The whole training session took less than 8 minutes. I know I’m a 2-minute dog trainer, but I wanted to get him over his concern with the rattling noise, and didn’t want to stop while we were on such a roll.

Since Tempest is so young I’m in no hurry to get him to perform his 2-on-2-off contact performance on cue. I’ll continue shaping this but won’t name it yet.

In the meantime …

Two days ago I was teaching a competition-obedience workshop. Our topic of the day was heeling and I was working my 10-year-old aussie, Dash.

I teach my version of Dawn Jec’s “choose to heel” training.
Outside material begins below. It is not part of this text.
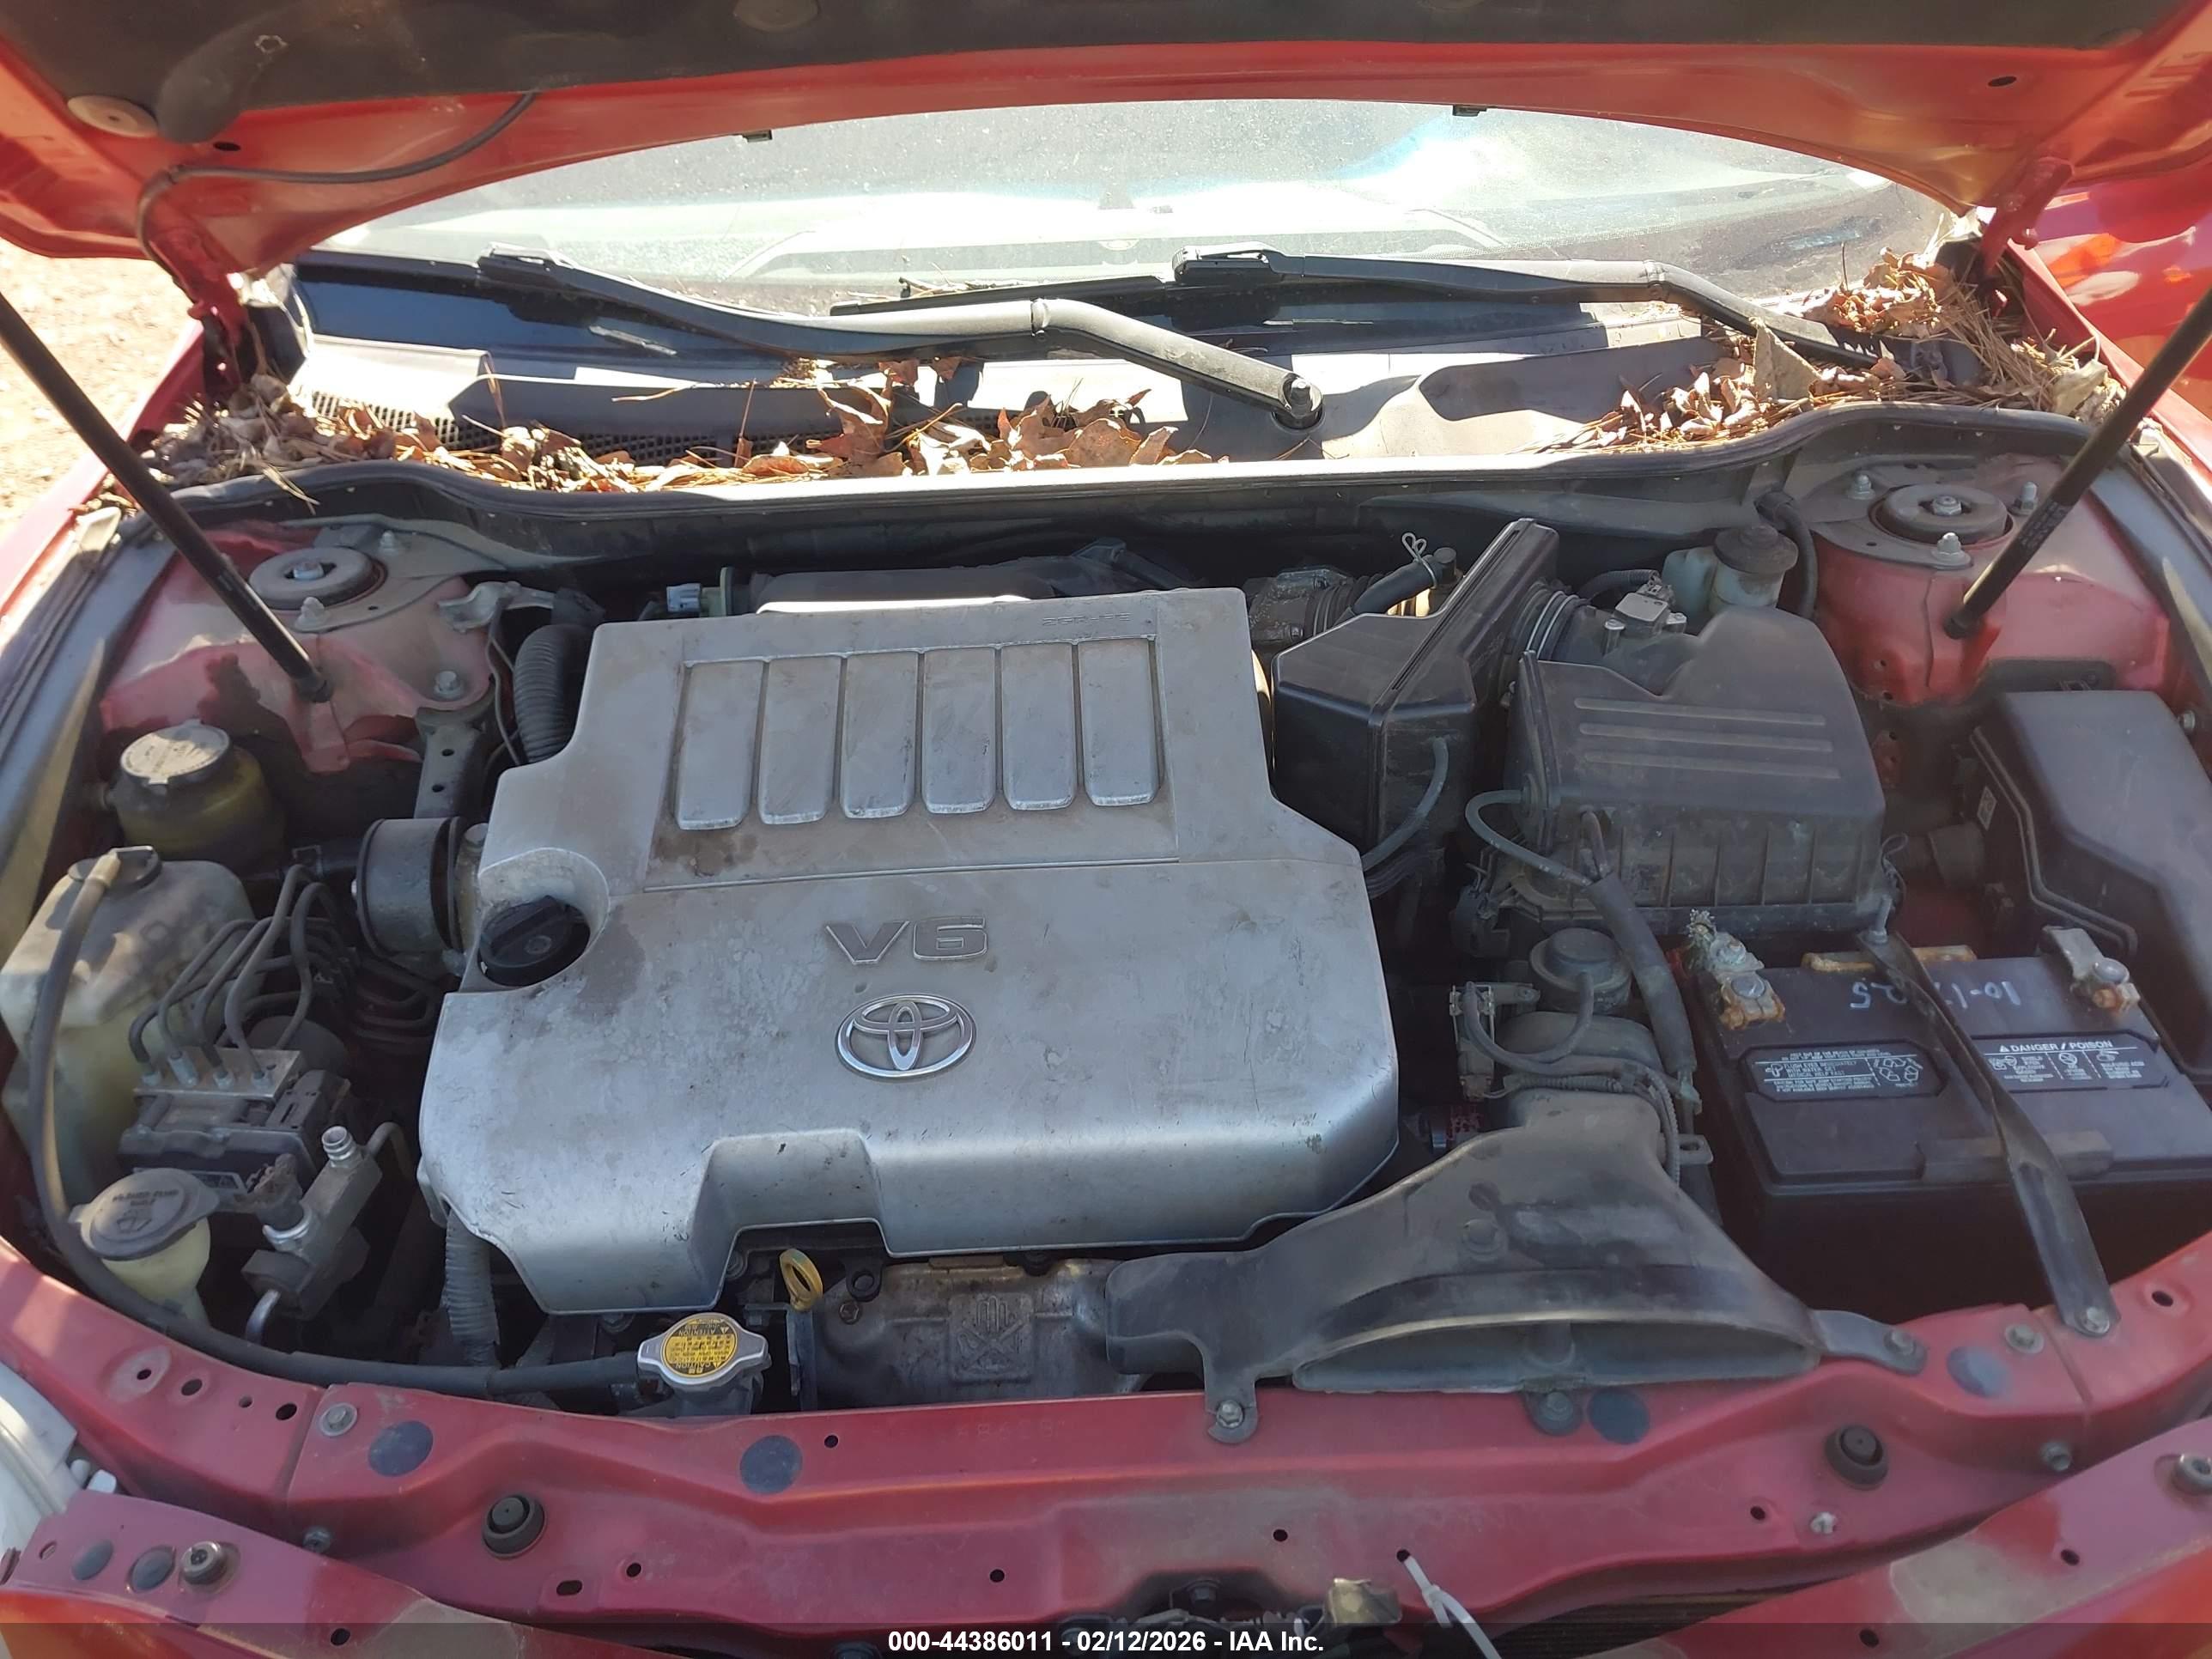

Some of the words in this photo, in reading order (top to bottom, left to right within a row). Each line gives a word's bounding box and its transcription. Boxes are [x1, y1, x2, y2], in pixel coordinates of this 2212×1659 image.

[825, 916, 988, 964] V6
[2009, 1043, 2058, 1052] DANGER
[2069, 1040, 2113, 1048] POISON
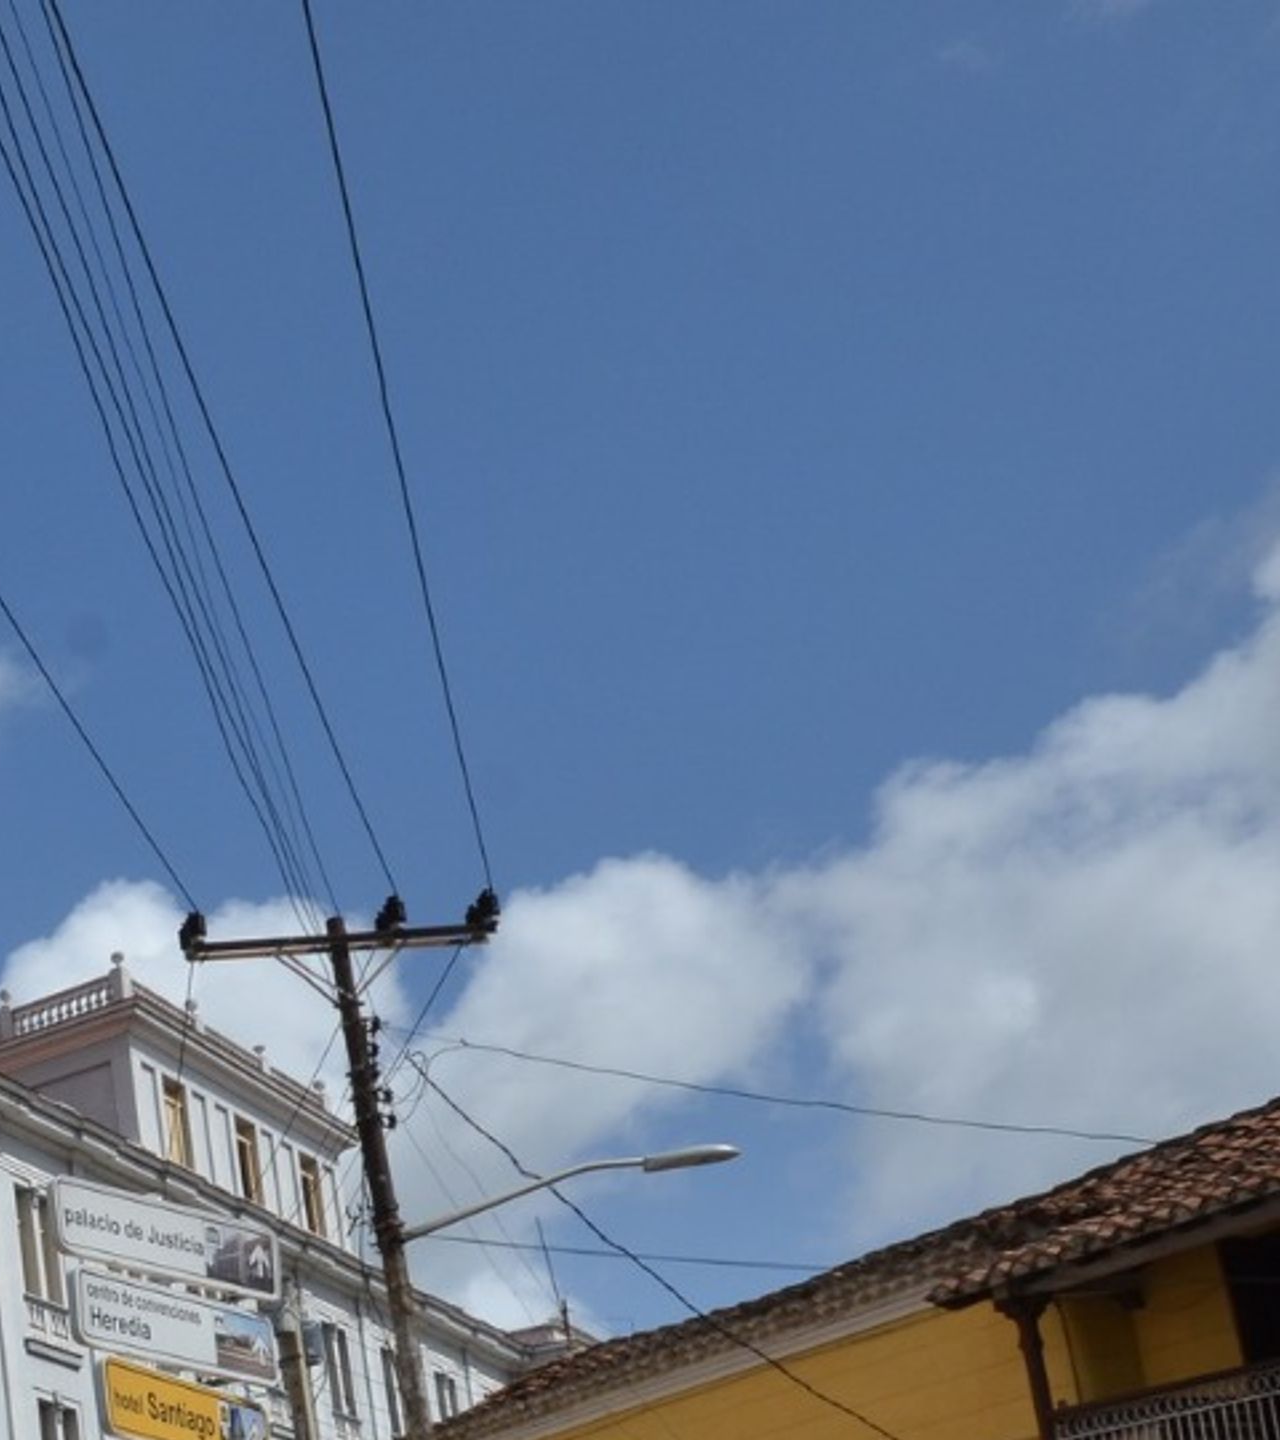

I call it my version because I’ve not trained with Dawn, I’ve only read a 14-or-15-year old article on “choose to heel.”

I’m certain that there are differences between what Dawn Jecs created and my understanding of it, so I don’t profess to be teaching Dawn’s method. But she inspired me to do this type of positive reinforcement training, and I admire the cleverness of “choose to heel,” so I attribute my method to Dawn Jecs every time.

I brought out Tempest who, at 12 weeks of age, has already been introduced to the idea of loose-leash walking — that is, we don’t move forward if I feel tension on the leash.

With a handful of string cheese bits, I started walking forward, enticing my puppy. He’d come into heel position and eat cheese. I kept walking if he fell behind, he’d catch up and eat his piece of cheese for landing in heel position.

It was all accidental on his part, but he found it so rewarding that, within a couple of minutes, he was following my movement in heel position. So fun … !!!